The All Too Human Humans
Having just had my Thanksgiving weekend, I thought it was about time I wrote about another Thanksgiving dinner feast that I saw a few weeks ago at the Laura Pels Theatre. It was Stephen Karam’s realistic family drama, The Humans, a Roundabout Theatre Company’s production, lovingly directed by Joe Mantello. And even though I’m a Canadian in the US of A, I have embraced the American Thanksgiving tradition. The family unit has been replaced by my NYC friends as family but the dynamics are all around me. My family does the same thing though, at Christmas, at Canadian Thanksgiving (in early October), but having lived in the USA for over 25 years now, I have learned that over here this is a bigger and more fuel filled family event then I was ever a part of in my family. And this play is a very pure telling of the dynamics of your run of the mill middle class family, and what a holiday gathering like Thanksgiving creates.
The Blake family has gathered in the newly acquired, but not yet furnished, Chinatown basement two-story apartment of the not-yet-married daughter, Brigid (Sarah Steele) and her grad student boyfriend, Richard (Arian Moayed). The parents, Erik (Reed Birney) and Deirdre (Jayne Houdyshell) have driven in from Scranton bringing along the wheelchair bound Fiona “Momo” Blake, Erik’s mother, (Lauren Klein) who suffers from dementia; brilliantly muttering and throwing fits throughout the evening. Also in attendance, is the newly single lawyer daughter, Aimee (Cassie Beck). At first this play follows the path of so many traditional modern tellings of middle class family interactions that we have become accustomed to in holiday movies (a perfect example: 1995’s Home for the Holidays and 2005’s The Family Stone), the uncomfortable jabs at the unmarried daughter and the sarcastic and sometimes hurtful return jabs aimed at the silly mother, to name just one of the many interpersonal dynamics. I’ve seen this movie before, the unkind way we can at one moment say something cruel to a loved one, and then say how much ‘family means’ in the next breath. So I settled into my seat half expecting to know how this will play out as it goes forward towards dinnertime.
But something changes. The light bulbs start blowing out, mysteriously, one at a time. The already sunlight-less apartment (perfectly designed by David Zinn and light by Justin Townsend) slowly gets darker and darker, and so does the mood and the stories shared. It turns out that life is a lot harder then it first appears for the Blakes. The world has not been kind to this family, but yet it also doesn’t feel extraordinarily cruel either. It feels very real, very difficult, and timely. The father, who first appears to have made it through, maybe is the one most failing in his quest for the American dream and retirement, and he must come clean to his children. And he is not the only one in this family who needs to fess up to their reality. This isn’t the picture perfect movie family that we are usually privy to in those holiday films I mentioned before. These people are living a rougher life then imagined but not a tragic one. There is disappointment and shame, discomfort and sadness in their lives, but it all feels very real, very possible, and very close to home.

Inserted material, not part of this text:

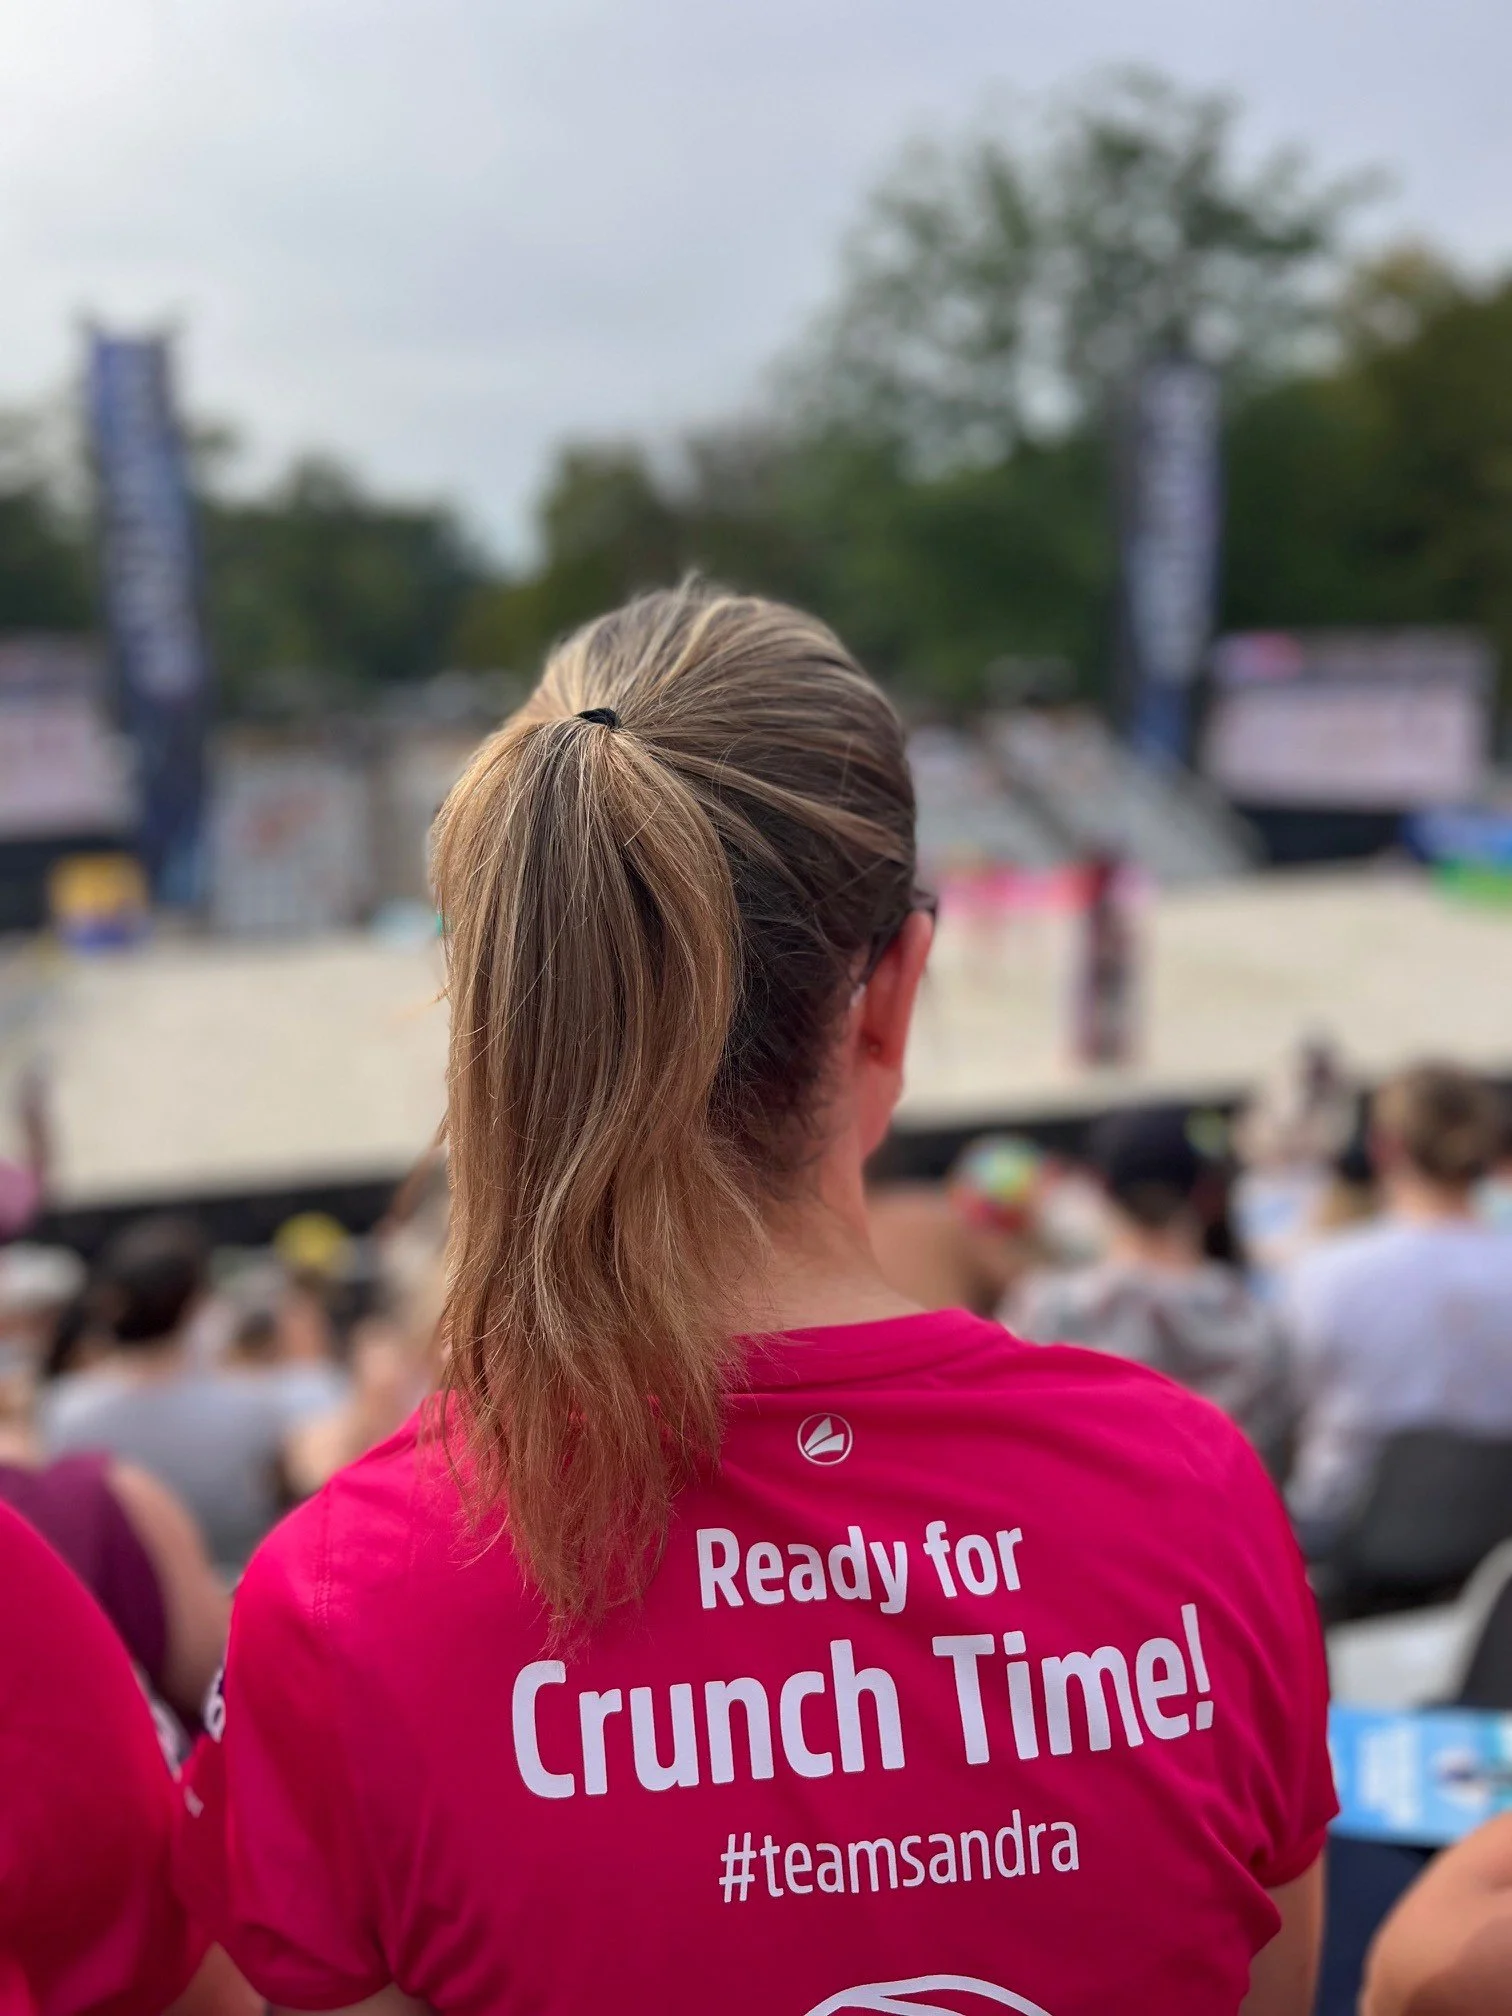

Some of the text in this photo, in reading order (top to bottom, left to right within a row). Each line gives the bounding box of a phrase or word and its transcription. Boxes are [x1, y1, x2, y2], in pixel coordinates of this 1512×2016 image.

The cast shines in this real and sometimes harsh light, especially as it literally darkens around them. Houdyshell and Birney are truly magnificent in their roles as troubled humans as parents. They excel at sharing with us their shame, their fears, their discomforts, their immense love, and their strong attachments to their family. I also particularly loved the two daughters. The complex and detailed way that Steele and Beck interact as sisters and as daughters felt so honest and authentic, I was hypnotized. Same could be said for the other couple on stage, the unmarried one (Steele and Moayed). The ever-so slight movements, glances, and subtlety in their performances felt very pure and natural. All the actors made us truly believe in the connectivity of this family, which in turn made us love and feel for them.
And as with all family gatherings, the time comes when the family must leave and return to their other lives. Oddly enough, this was the only part that didn’t feel authentic. They asked us to believe the meal was over when it appears to only have begun. This took me out of the realness of the moment. Where was the over-eating of a turkey dinner followed by the over-abundant dessert choices. Where was the “I’m too stuffed but I’ll have one more piece of pumpkin pie” routine? The play seemed to speed through this part of the dinner, and too quickly the actors started to leave the stage, and this family started to disassemble. It felt rushed and unfinished. I felt a bit lost and confused as they rushed to the ending while also, in the same moment, taking too much dramatic time with the very last visual. Was I missing the big meaning or payoff? Cause I left that Thanksgiving dinner feeling underfeed, unsatisfied, and still a bit hungry, like I missed out on the dessert. I wanted my pumpkin pie.